- Work instruction: Only the pictures are dropped; the lines of the material that follow are returned exactly.

- Dataset excerpts:

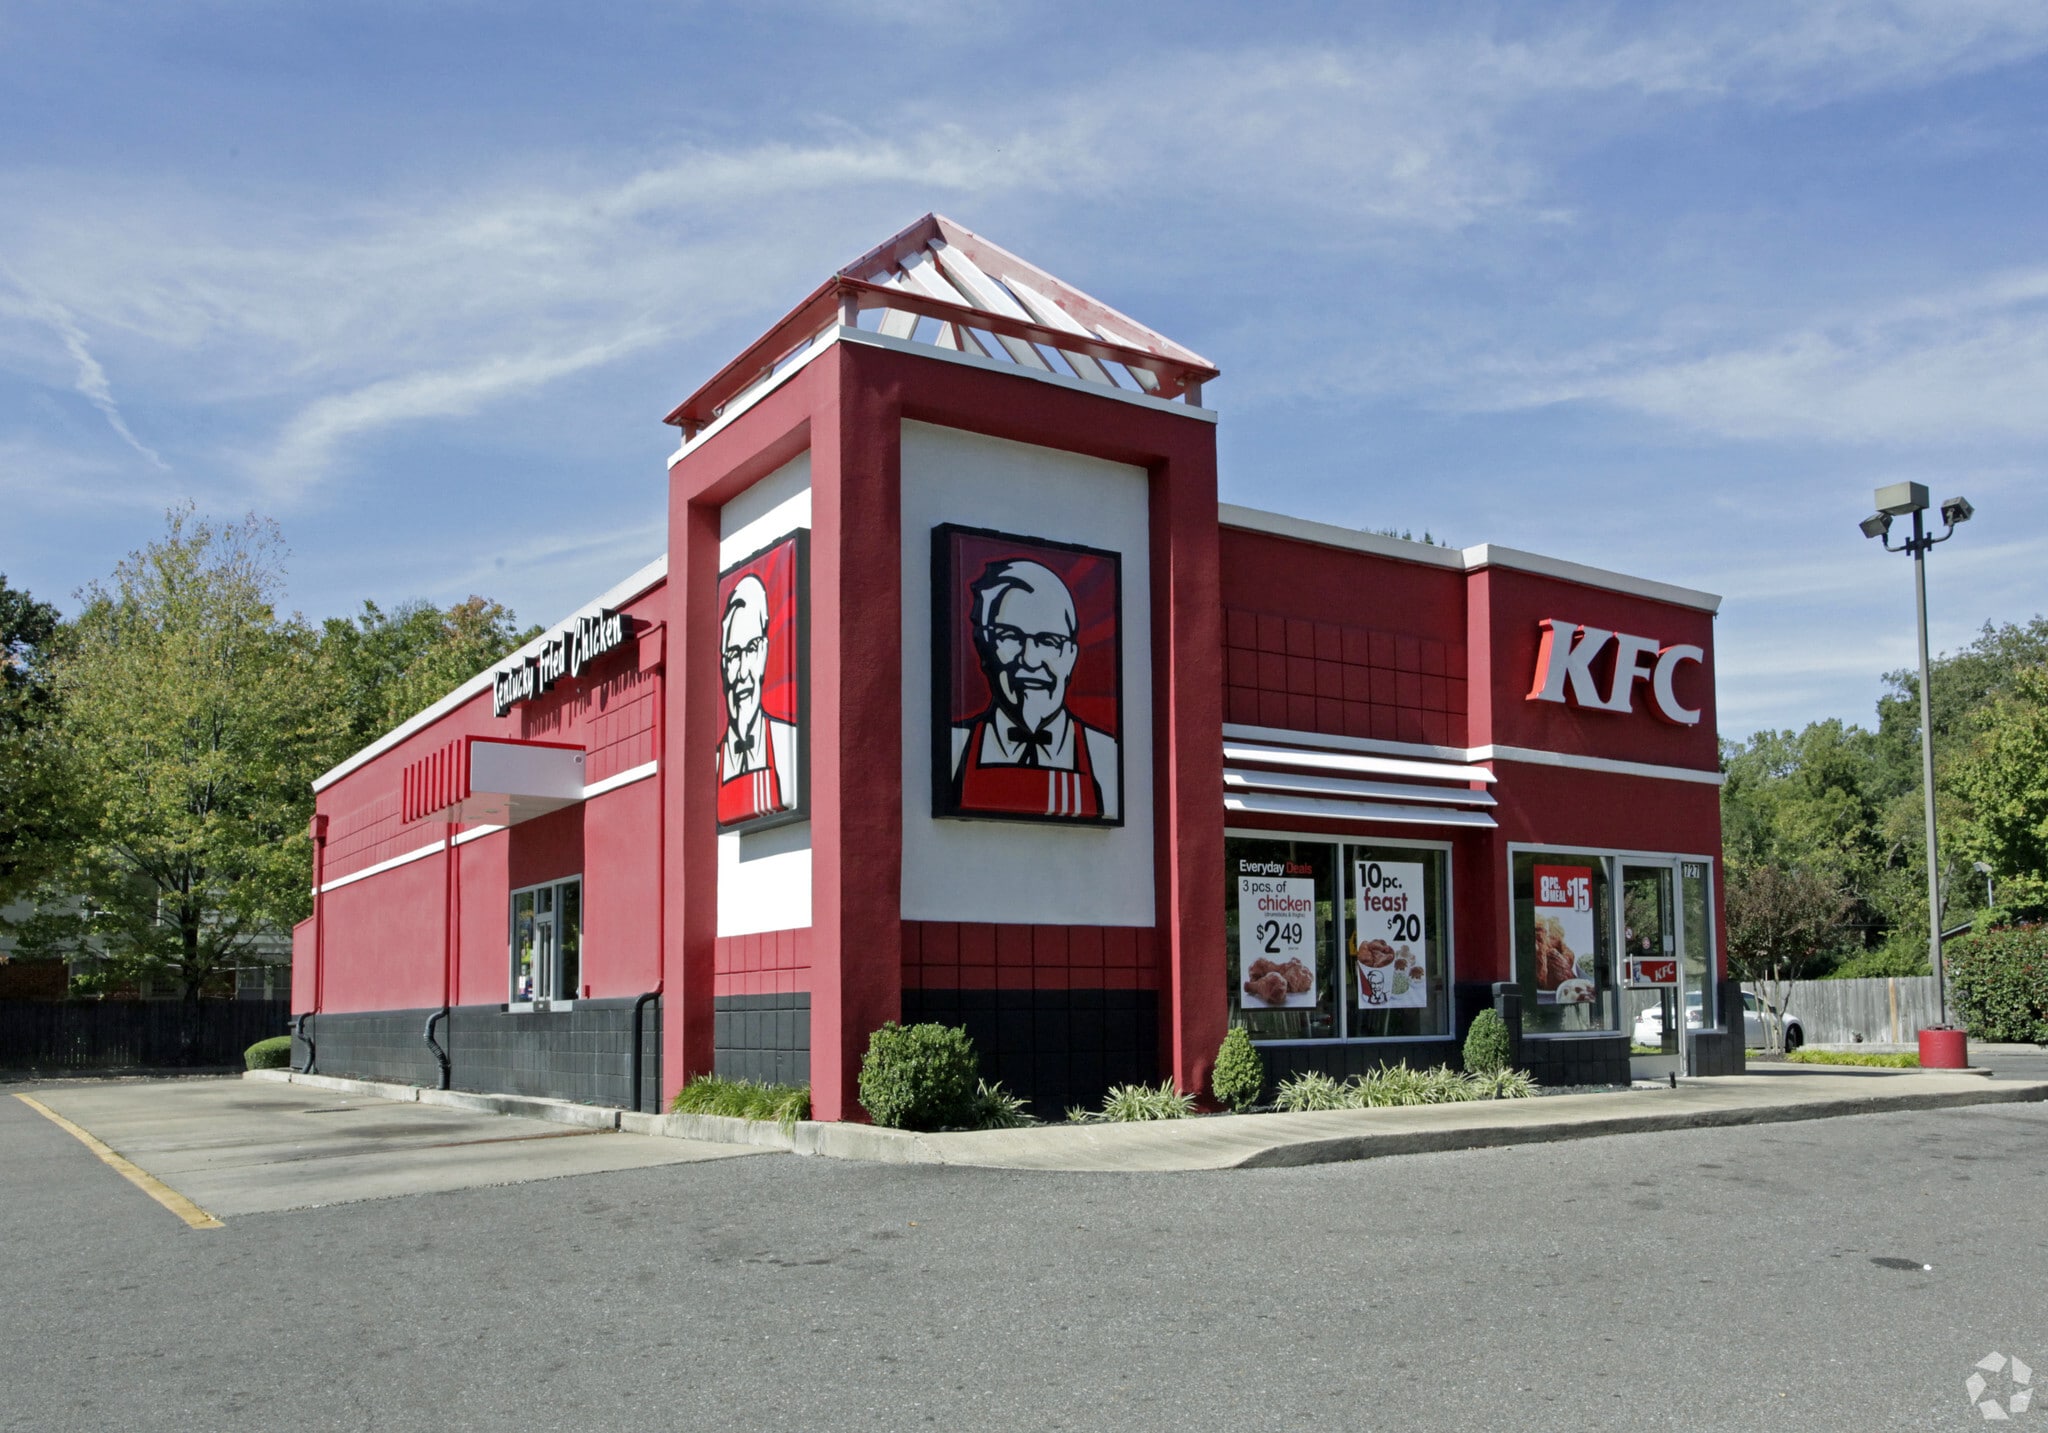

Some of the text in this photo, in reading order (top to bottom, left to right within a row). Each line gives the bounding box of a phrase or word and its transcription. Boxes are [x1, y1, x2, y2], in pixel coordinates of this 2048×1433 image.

[493, 608, 623, 718] Kentucky Fried Chicken
[1529, 618, 1704, 725] KFC
[1239, 859, 1313, 876] Everyday Deals
[1684, 863, 1700, 879] 727
[1242, 879, 1287, 895] 3 pcs. of
[1549, 889, 1567, 903] MEAL
[1567, 877, 1590, 912] $15
[1257, 894, 1312, 912] chicken
[1363, 887, 1408, 912] feast
[1386, 913, 1421, 942] $20
[1654, 962, 1675, 982] KFC
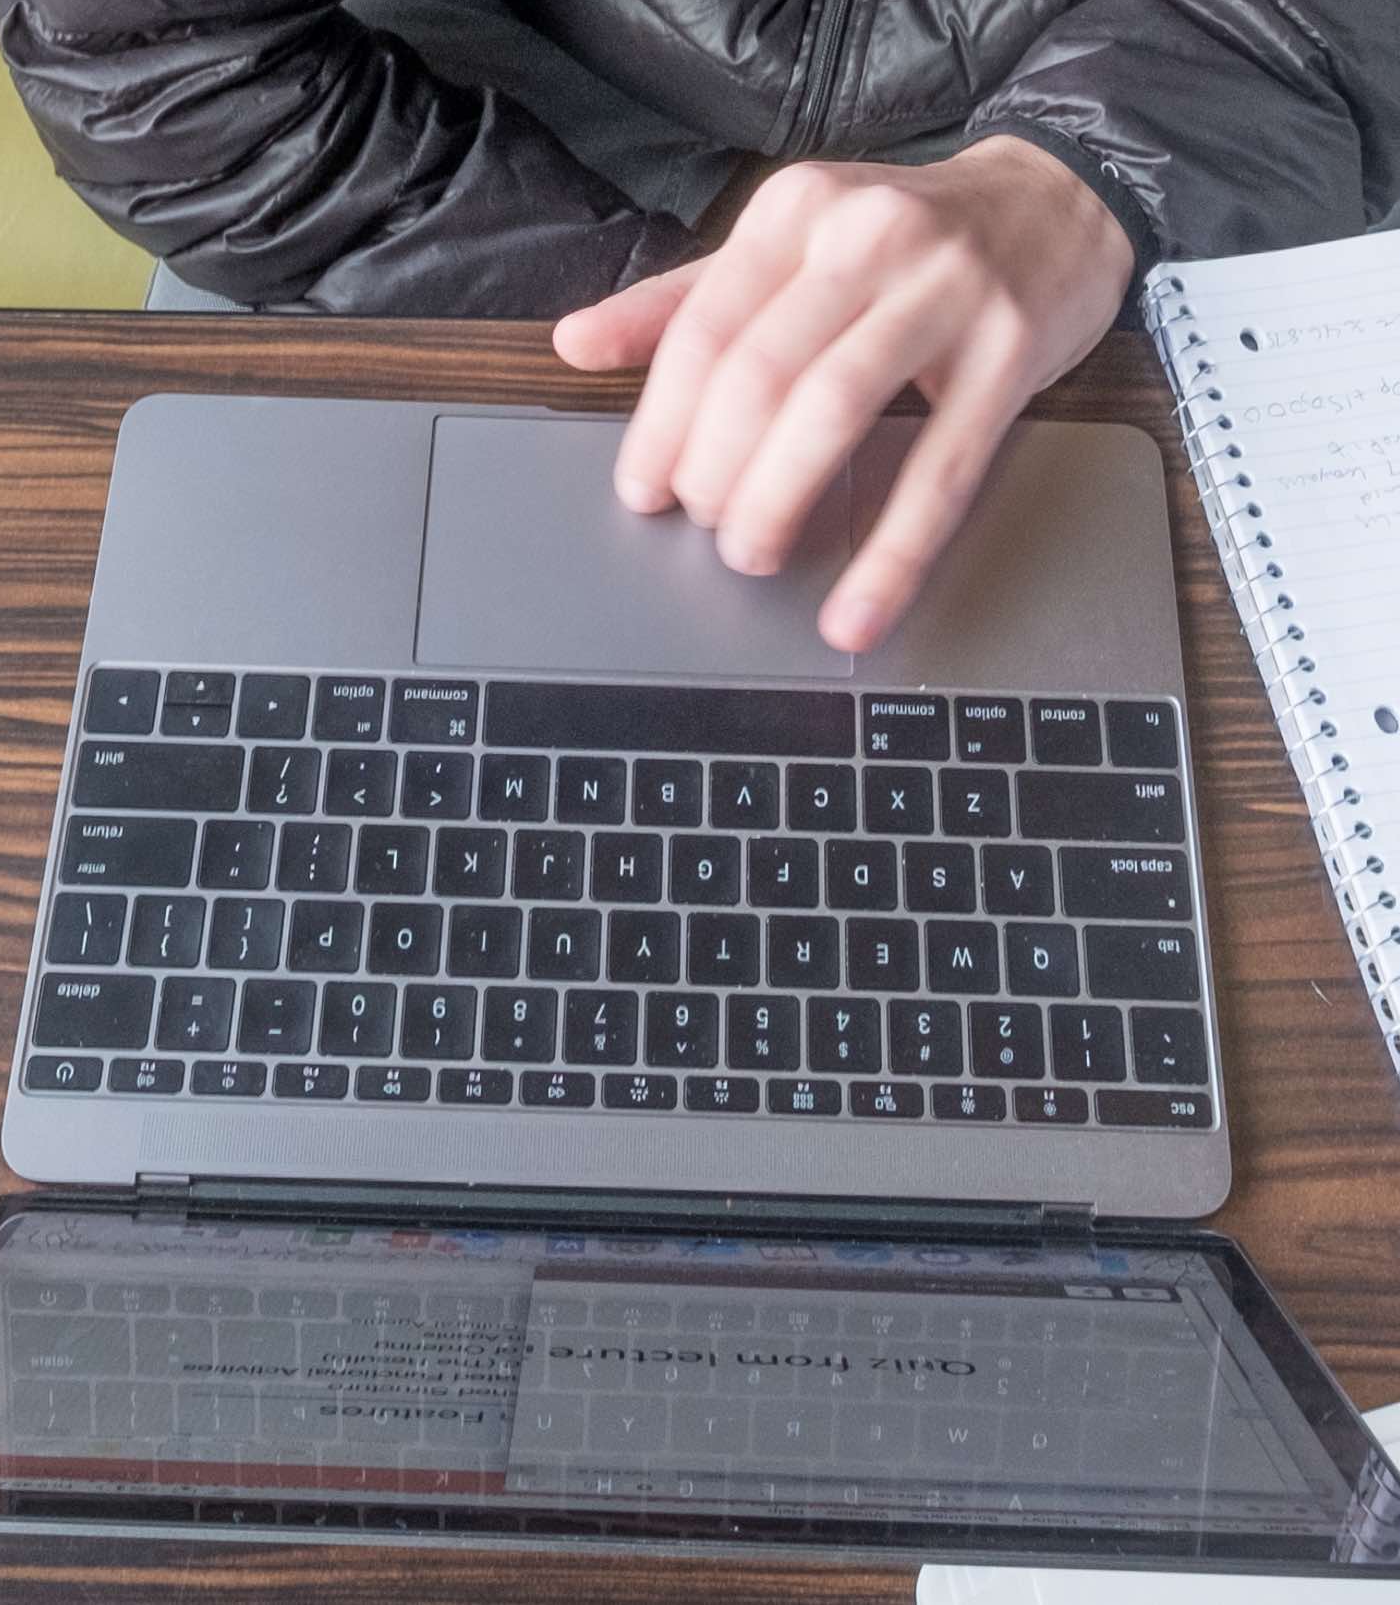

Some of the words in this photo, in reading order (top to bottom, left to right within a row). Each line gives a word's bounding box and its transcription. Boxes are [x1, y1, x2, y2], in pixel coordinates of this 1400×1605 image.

[333, 684, 375, 701] option
[403, 687, 469, 702] command
[871, 702, 936, 717] command
[965, 705, 1007, 722] option
[1040, 708, 1086, 722] control
[1145, 711, 1160, 727] fn
[356, 721, 371, 734] alt
[93, 750, 125, 766] shift
[967, 741, 982, 754] alt
[505, 777, 524, 799] M
[582, 779, 599, 802] N
[660, 782, 675, 803] B
[736, 785, 752, 806] V
[813, 786, 829, 809] C
[1134, 783, 1166, 799] shift
[890, 789, 906, 811] X
[966, 792, 983, 817] Z
[82, 824, 124, 840] return
[76, 862, 107, 875] enter
[386, 848, 398, 871] L
[463, 851, 478, 873] K
[542, 854, 555, 875] J
[619, 855, 635, 878] H
[697, 858, 713, 881] G
[1111, 858, 1138, 871] lock
[1141, 858, 1173, 874] caps
[776, 861, 790, 883] F
[853, 864, 869, 886] D
[932, 866, 947, 889] S
[1009, 868, 1025, 891] A
[318, 925, 334, 948] P
[397, 927, 413, 950] O
[480, 929, 487, 952] I
[555, 932, 572, 955] U
[636, 935, 652, 958] Y
[1157, 938, 1181, 954] tab
[715, 937, 731, 961] T
[796, 940, 811, 963] R
[876, 942, 890, 965] E
[951, 946, 974, 969] W
[1033, 945, 1050, 971] Q
[56, 982, 101, 1000] delete
[351, 993, 366, 1017] 0
[432, 995, 446, 1019] 9
[513, 998, 528, 1022] 8
[593, 1002, 607, 1025] 7
[675, 1004, 689, 1027] 6
[755, 1006, 769, 1030] 5
[835, 1009, 851, 1032] 4
[917, 1012, 931, 1035] 3
[998, 1015, 1012, 1038] 2
[1082, 1018, 1092, 1041] 1
[1170, 1101, 1196, 1116] esc
[549, 1344, 715, 1369] lecture
[736, 1349, 850, 1375] from
[319, 1405, 485, 1424] Features

- Response to this task:
Some of the text in this photo, in reading order (top to bottom, left to right within a row). Each line gives the bounding box of a phrase or word and its transcription. Boxes are [x1, y1, x2, y2], in pixel coordinates of this 2048×1433 image.

[493, 608, 623, 718] Kentucky Fried Chicken
[1529, 618, 1704, 725] KFC
[1239, 859, 1313, 876] Everyday Deals
[1684, 863, 1700, 879] 727
[1242, 879, 1287, 895] 3 pcs. of
[1549, 889, 1567, 903] MEAL
[1567, 877, 1590, 912] $15
[1257, 894, 1312, 912] chicken
[1363, 887, 1408, 912] feast
[1386, 913, 1421, 942] $20
[1654, 962, 1675, 982] KFC

Some of the words in this photo, in reading order (top to bottom, left to right within a row). Each line gives a word's bounding box and its transcription. Boxes are [x1, y1, x2, y2], in pixel coordinates of this 1400×1605 image.

[333, 684, 375, 701] option
[403, 687, 469, 702] command
[871, 702, 936, 717] command
[965, 705, 1007, 722] option
[1040, 708, 1086, 722] control
[1145, 711, 1160, 727] fn
[356, 721, 371, 734] alt
[93, 750, 125, 766] shift
[967, 741, 982, 754] alt
[505, 777, 524, 799] M
[582, 779, 599, 802] N
[660, 782, 675, 803] B
[736, 785, 752, 806] V
[813, 786, 829, 809] C
[1134, 783, 1166, 799] shift
[890, 789, 906, 811] X
[966, 792, 983, 817] Z
[82, 824, 124, 840] return
[76, 862, 107, 875] enter
[386, 848, 398, 871] L
[463, 851, 478, 873] K
[542, 854, 555, 875] J
[619, 855, 635, 878] H
[697, 858, 713, 881] G
[1111, 858, 1138, 871] lock
[1141, 858, 1173, 874] caps
[776, 861, 790, 883] F
[853, 864, 869, 886] D
[932, 866, 947, 889] S
[1009, 868, 1025, 891] A
[318, 925, 334, 948] P
[397, 927, 413, 950] O
[480, 929, 487, 952] I
[555, 932, 572, 955] U
[636, 935, 652, 958] Y
[1157, 938, 1181, 954] tab
[715, 937, 731, 961] T
[796, 940, 811, 963] R
[876, 942, 890, 965] E
[951, 946, 974, 969] W
[1033, 945, 1050, 971] Q
[56, 982, 101, 1000] delete
[351, 993, 366, 1017] 0
[432, 995, 446, 1019] 9
[513, 998, 528, 1022] 8
[593, 1002, 607, 1025] 7
[675, 1004, 689, 1027] 6
[755, 1006, 769, 1030] 5
[835, 1009, 851, 1032] 4
[917, 1012, 931, 1035] 3
[998, 1015, 1012, 1038] 2
[1082, 1018, 1092, 1041] 1
[1170, 1101, 1196, 1116] esc
[549, 1344, 715, 1369] lecture
[736, 1349, 850, 1375] from
[319, 1405, 485, 1424] Features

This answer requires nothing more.